(Stored data entries)
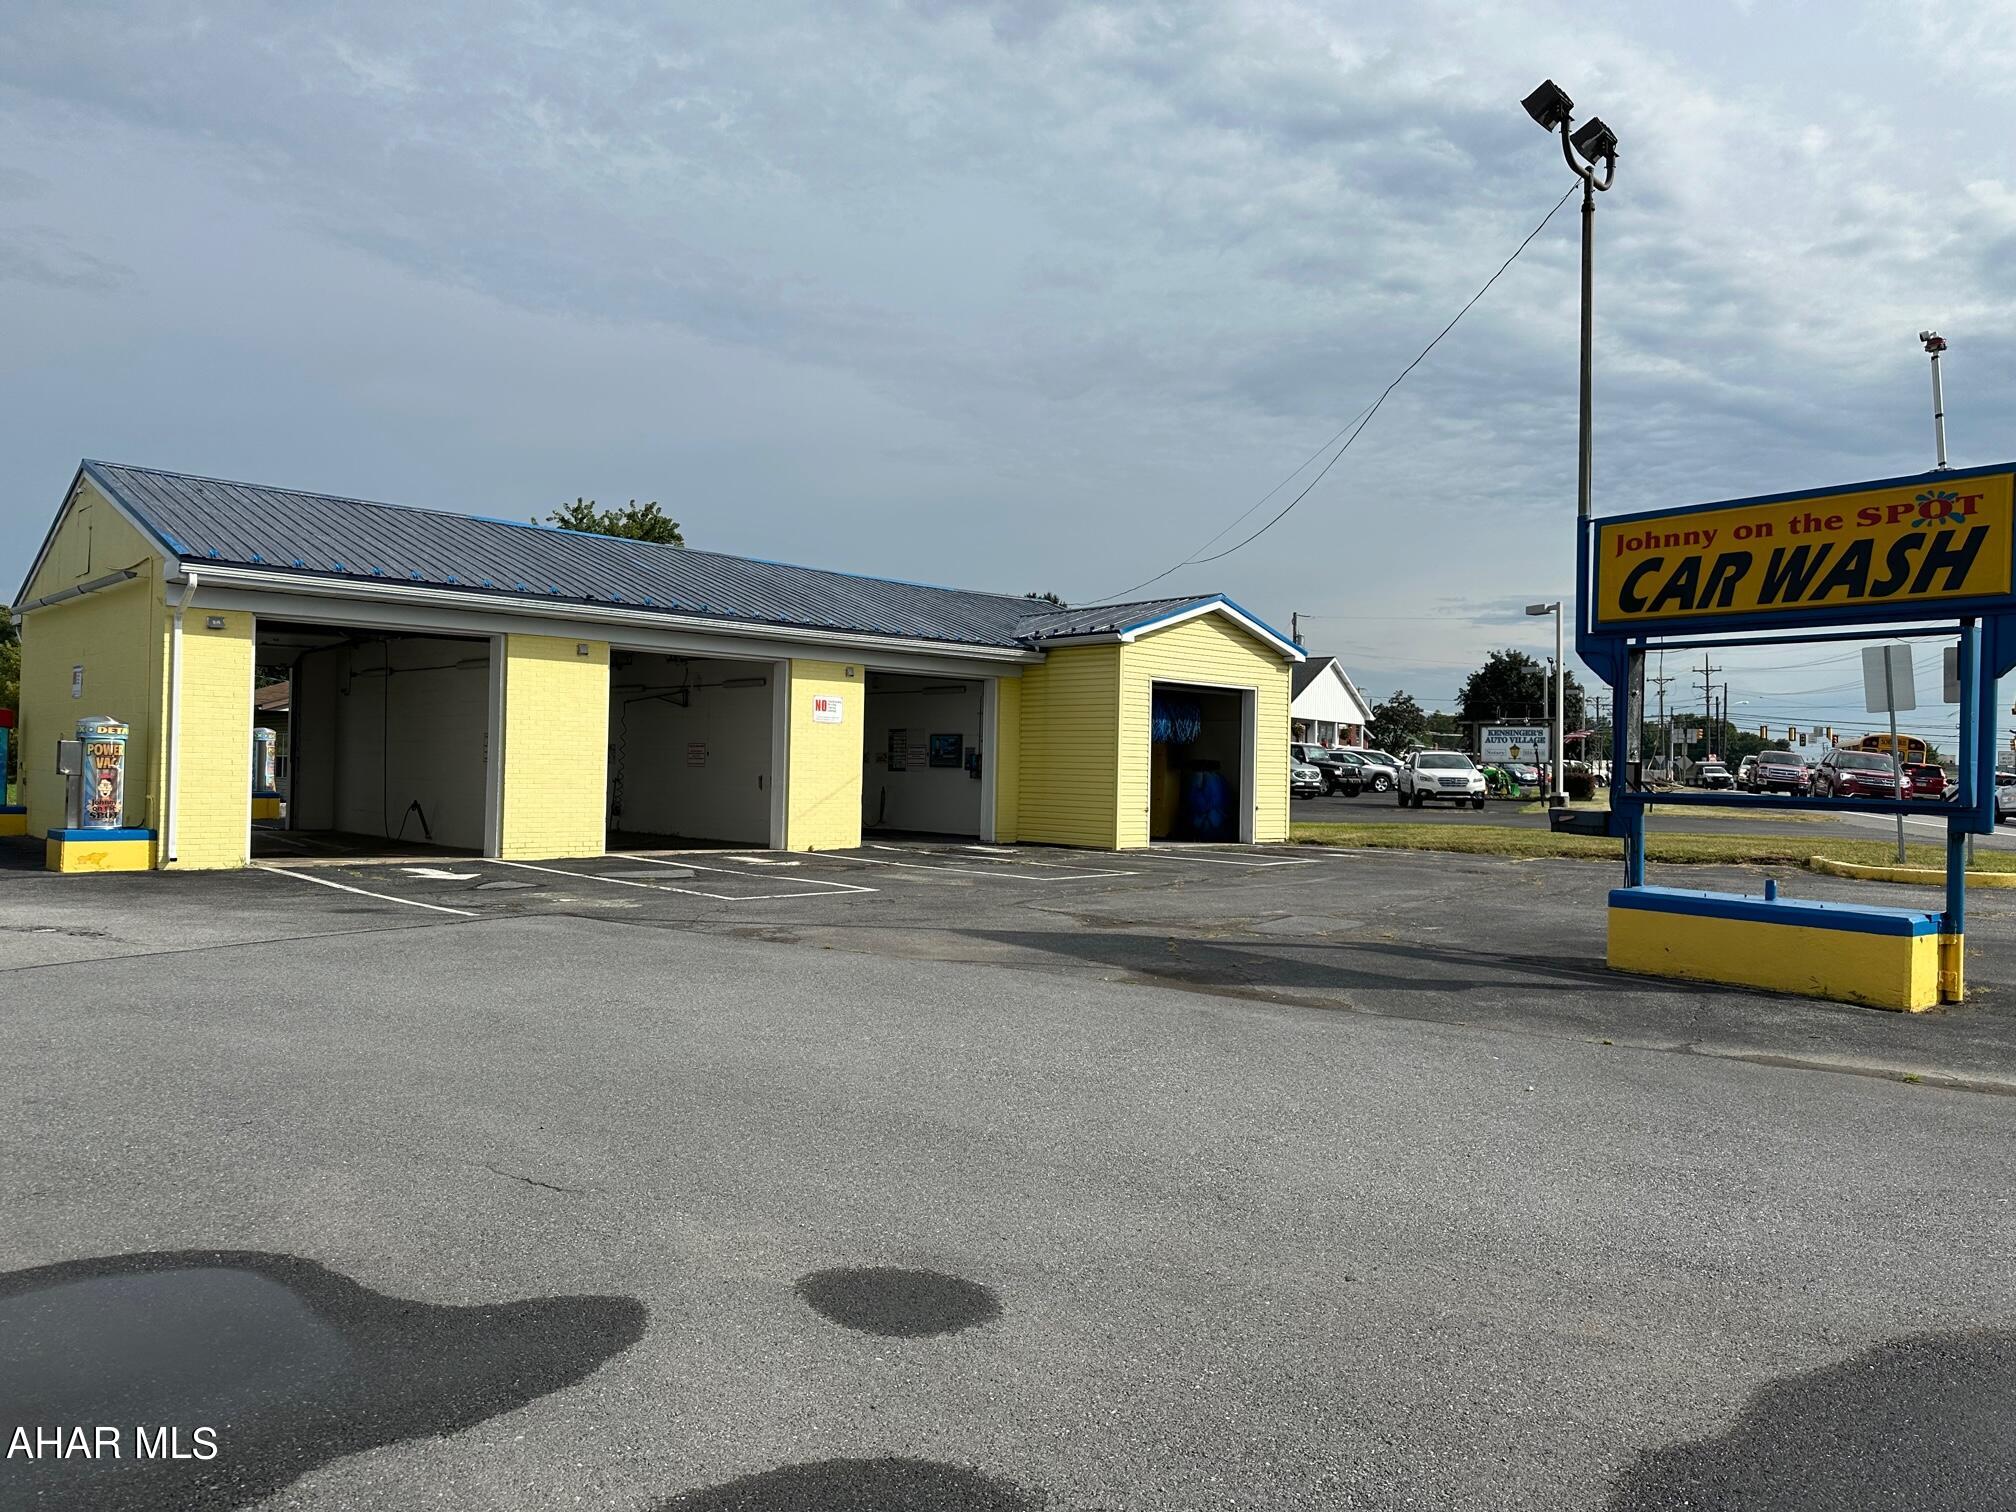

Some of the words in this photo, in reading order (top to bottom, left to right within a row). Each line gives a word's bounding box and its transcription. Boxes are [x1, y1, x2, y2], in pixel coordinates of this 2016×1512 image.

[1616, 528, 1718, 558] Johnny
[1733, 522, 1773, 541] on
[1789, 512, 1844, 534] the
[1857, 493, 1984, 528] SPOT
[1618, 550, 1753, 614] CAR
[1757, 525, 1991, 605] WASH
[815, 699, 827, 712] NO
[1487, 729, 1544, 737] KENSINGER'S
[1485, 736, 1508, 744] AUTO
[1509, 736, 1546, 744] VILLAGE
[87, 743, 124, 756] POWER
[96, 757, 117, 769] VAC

= What you are asked to do =
Reproduce each entry above word for word. Pictures are not part of the copy.

= Task response =
Some of the words in this photo, in reading order (top to bottom, left to right within a row). Each line gives a word's bounding box and its transcription. Boxes are [x1, y1, x2, y2], in pixel coordinates of this 2016×1512 image.

[1616, 528, 1718, 558] Johnny
[1733, 522, 1773, 541] on
[1789, 512, 1844, 534] the
[1857, 493, 1984, 528] SPOT
[1618, 550, 1753, 614] CAR
[1757, 525, 1991, 605] WASH
[815, 699, 827, 712] NO
[1487, 729, 1544, 737] KENSINGER'S
[1485, 736, 1508, 744] AUTO
[1509, 736, 1546, 744] VILLAGE
[87, 743, 124, 756] POWER
[96, 757, 117, 769] VAC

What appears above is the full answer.